What is expected:
Please set down the line that contains "Some of the words" and every line below it through the last, exactly as written, with no other lines.

Data provided:

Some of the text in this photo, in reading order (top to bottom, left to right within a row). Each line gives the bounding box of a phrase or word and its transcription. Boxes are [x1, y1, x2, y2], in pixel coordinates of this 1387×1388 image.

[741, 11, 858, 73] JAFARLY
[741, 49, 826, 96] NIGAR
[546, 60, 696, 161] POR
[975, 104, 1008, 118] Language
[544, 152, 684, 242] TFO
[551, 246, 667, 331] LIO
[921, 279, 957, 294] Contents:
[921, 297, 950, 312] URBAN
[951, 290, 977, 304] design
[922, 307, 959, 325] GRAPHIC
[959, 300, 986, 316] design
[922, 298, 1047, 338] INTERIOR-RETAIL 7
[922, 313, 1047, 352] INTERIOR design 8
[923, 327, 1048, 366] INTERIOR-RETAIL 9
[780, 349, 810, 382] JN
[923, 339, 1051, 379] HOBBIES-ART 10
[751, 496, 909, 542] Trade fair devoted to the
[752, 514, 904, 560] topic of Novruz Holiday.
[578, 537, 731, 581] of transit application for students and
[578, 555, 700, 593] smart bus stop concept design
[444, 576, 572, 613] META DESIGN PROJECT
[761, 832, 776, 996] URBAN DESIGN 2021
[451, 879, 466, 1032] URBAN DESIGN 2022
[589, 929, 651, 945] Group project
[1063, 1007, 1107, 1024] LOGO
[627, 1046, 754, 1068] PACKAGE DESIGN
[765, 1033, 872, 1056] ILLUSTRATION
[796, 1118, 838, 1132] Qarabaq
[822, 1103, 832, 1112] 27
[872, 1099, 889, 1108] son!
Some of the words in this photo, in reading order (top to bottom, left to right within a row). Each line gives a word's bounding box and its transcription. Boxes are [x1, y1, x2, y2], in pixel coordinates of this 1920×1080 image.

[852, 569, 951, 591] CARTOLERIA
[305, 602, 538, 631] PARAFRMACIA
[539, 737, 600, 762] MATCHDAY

Answer to the problem:
Some of the words in this photo, in reading order (top to bottom, left to right within a row). Each line gives a word's bounding box and its transcription. Boxes are [x1, y1, x2, y2], in pixel coordinates of this 1920×1080 image.

[852, 569, 951, 591] CARTOLERIA
[305, 602, 538, 631] PARAFRMACIA
[539, 737, 600, 762] MATCHDAY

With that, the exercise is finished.